More than 120 killed as Libya's rivals battle for Tripoli

Lester Mason
April 15, 2019

The north African country has been in turmoil since the NATO-backed overthrow of dictator Moamer Kadhafi in 2011, which has led to the creation of a bewildering array of militias all seeking to take control.

Last week, military commander Khalifa Haftar, affiliated with a government based in eastern Libya, launched a campaign to capture the capital Tripoli, where Libya's UN-backed Government of National Accord (GNA) is based.

Both sides have launched daily air raids and accuse each other of targeting civilians.

"The humanitarian community is concerned about rising numbers of civilian casualties, including medical personnel", OCHA Libya said.

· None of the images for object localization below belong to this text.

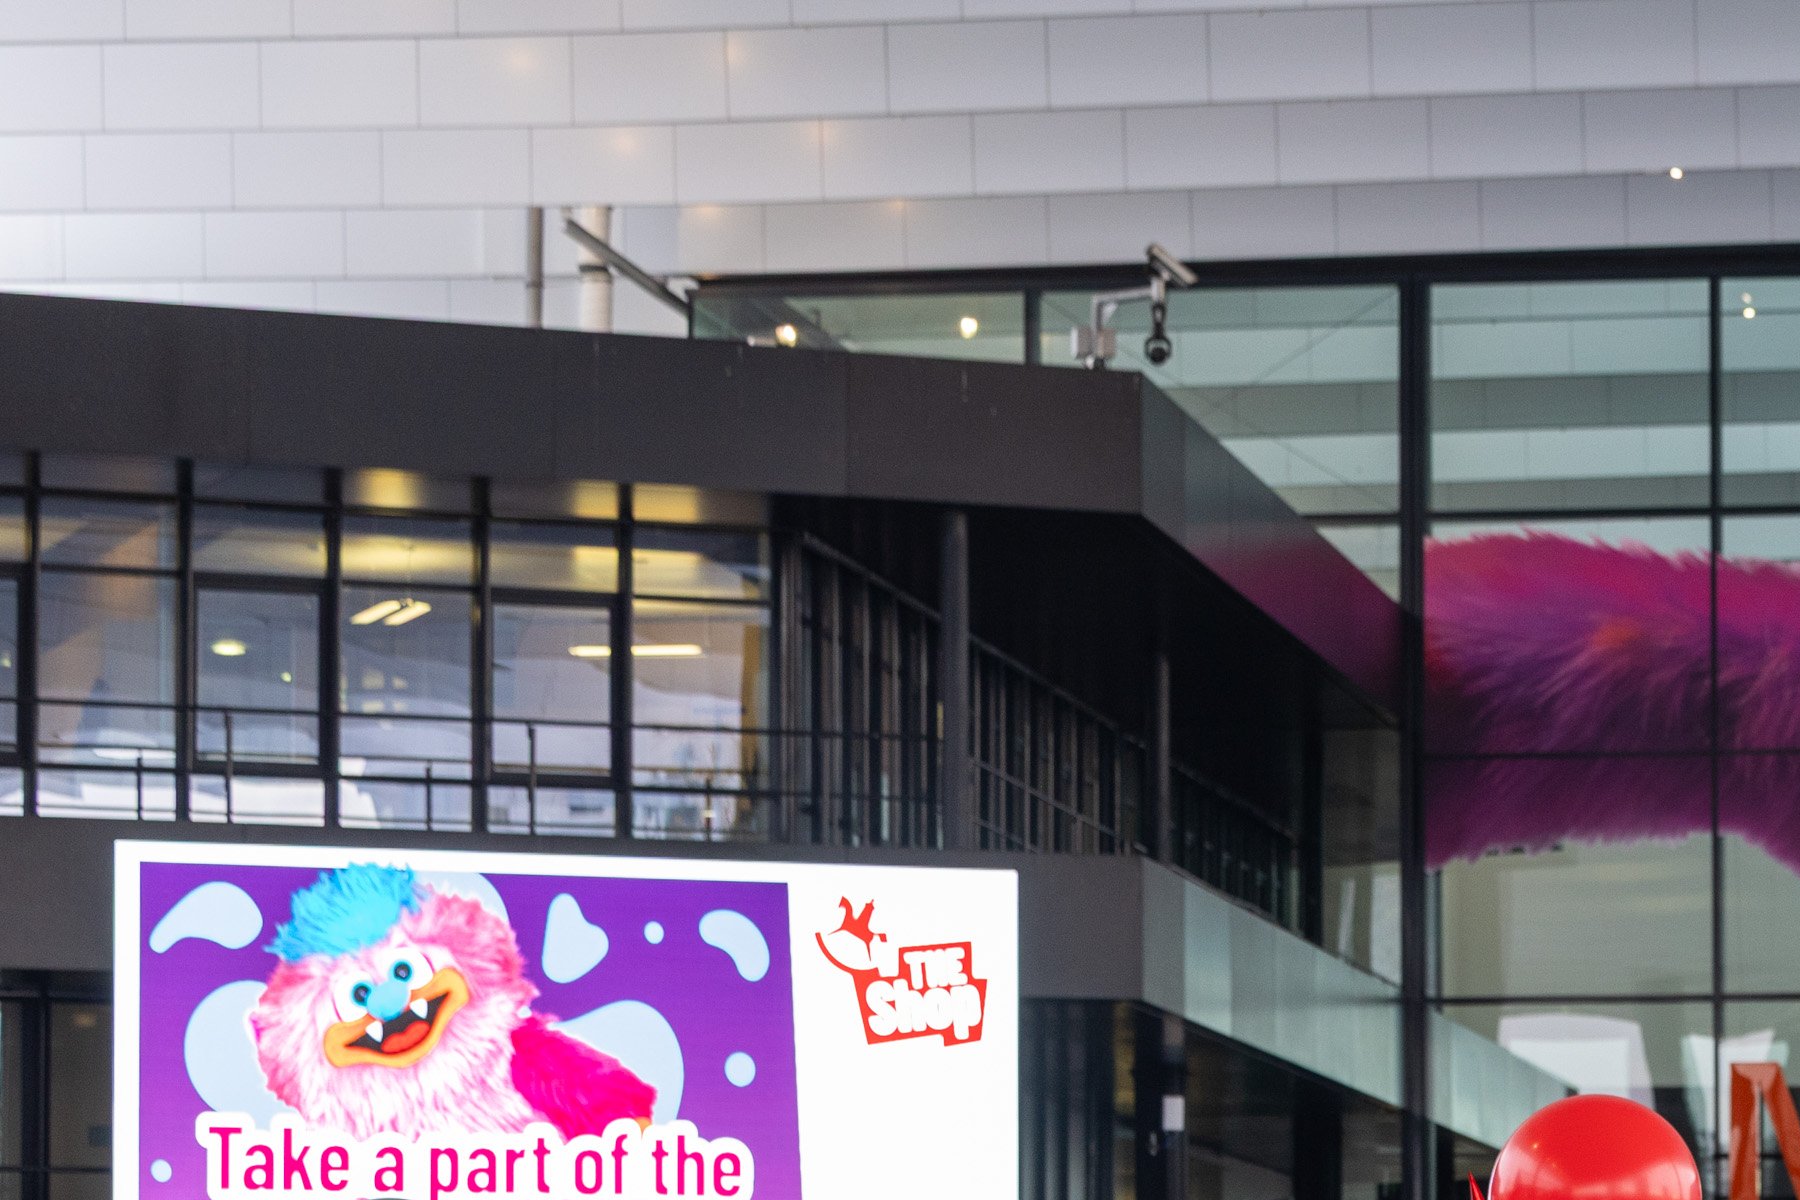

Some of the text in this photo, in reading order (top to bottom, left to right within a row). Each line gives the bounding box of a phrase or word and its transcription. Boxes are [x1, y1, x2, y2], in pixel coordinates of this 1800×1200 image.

[903, 946, 968, 990] THE
[209, 1126, 350, 1191] Take
[374, 1146, 404, 1191] a
[574, 1135, 629, 1196] of
[652, 1135, 742, 1197] the
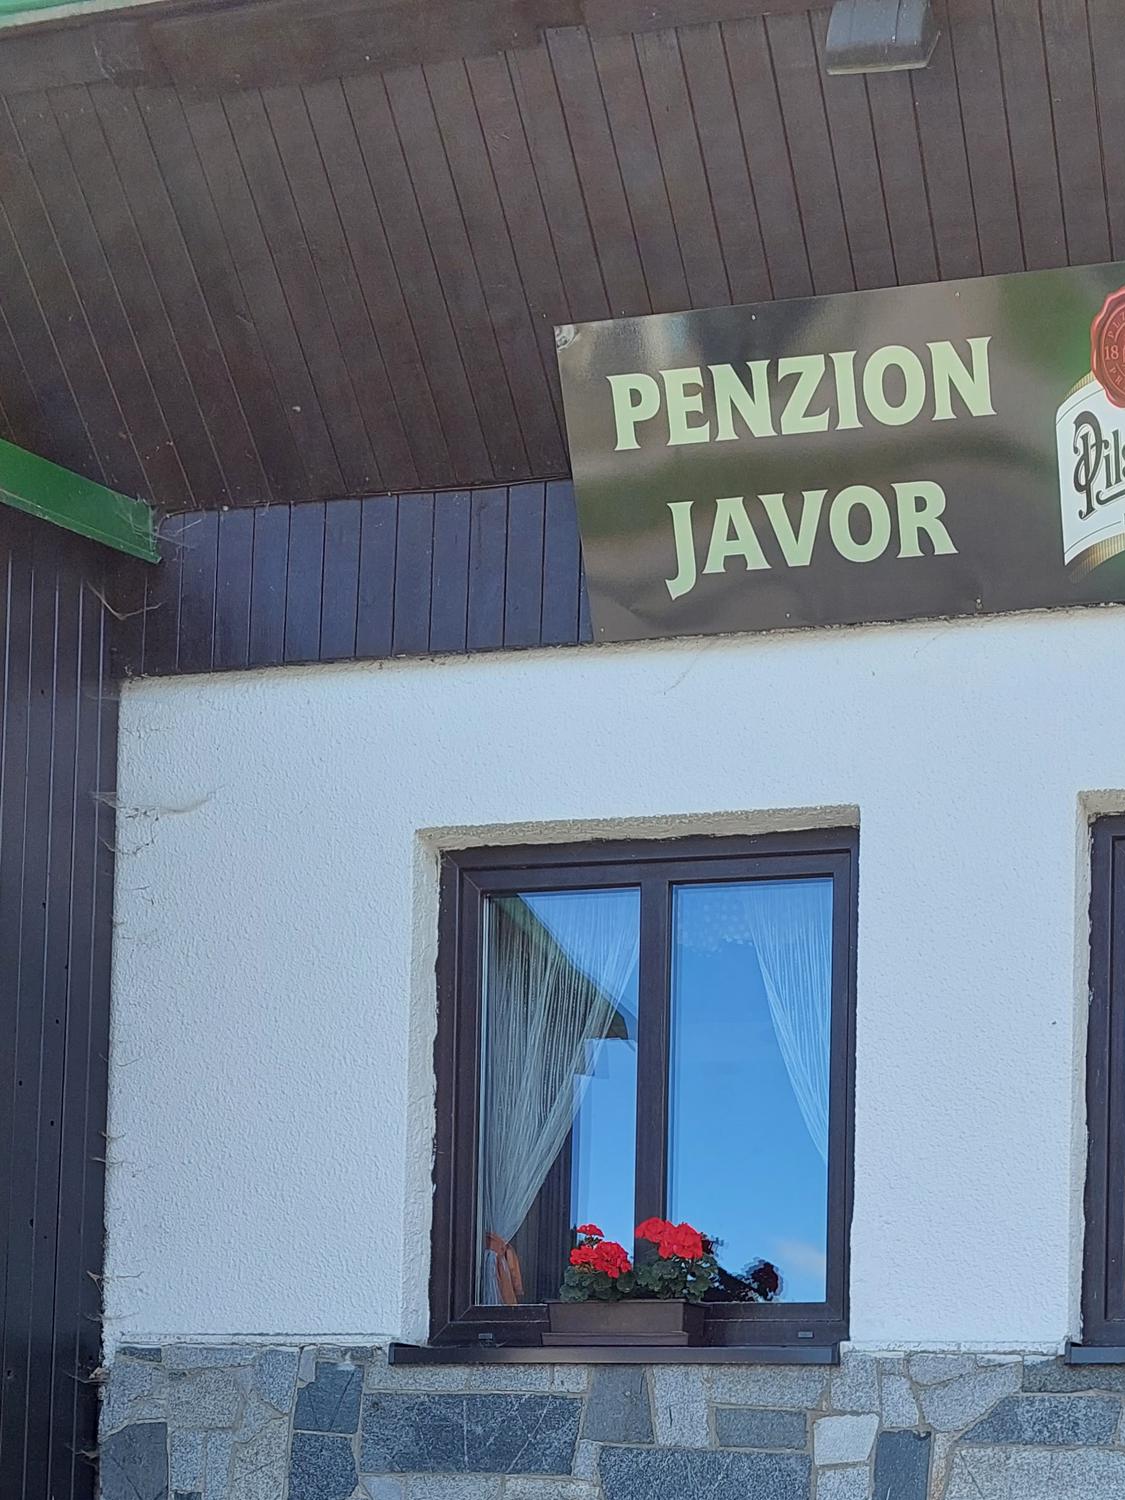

That happened as the strongman met in Cairo with key backer Egyptian President Abdel Fatah al-Sisi, who pledged support for "efforts to fight terrorism and extremist militias to achieve security and stability. throughout the country", Sisi's office said. No details were release.

With more than 560 people wounded since the fighting started on April 4, World Health Organization said it was sending more medical supplies and staff to Tripoli.

In another, earlier tweet, it denounced "repeated attacks on health care workers, vehicles" during the fighting, which began on April 5.

While some pro-Haftar media had predicted a quick victory, Tripoli government forces have halted him about 11km (7 miles) from the centre near an airport that was largely destroyed in a previous bout of fighting five years ago.

His Libyan National Army has pushed from his power base in the country's east towards the Libyan capital in the west, which is the seat of the unity government led by Fayez Al Sarraj.

Haftar's forces have been leading an offensive since 4 April in different southern Tripoli frontlines in an attempt to enter the capital, however they are being opposed by the Libyan Army forces which is under the command of the Presidential Council, the Libyan Observer reports.

Earlier this week, the United Nations said the fighting had displaced more than 8,000 people.

"UNSMIL warns that the bombing of schools, hospitals, ambulances and civilian areas is strictly prohibited by International Humanitarian Law", the Mission said in a statement.

On Saturday, the Tripoli-based Interior Minister of the Presidential Council's government Fathi Bashagha accused the United Arab Emirates (UAE) of reportedly sending Haftar military support in "clear violation of the worldwide law".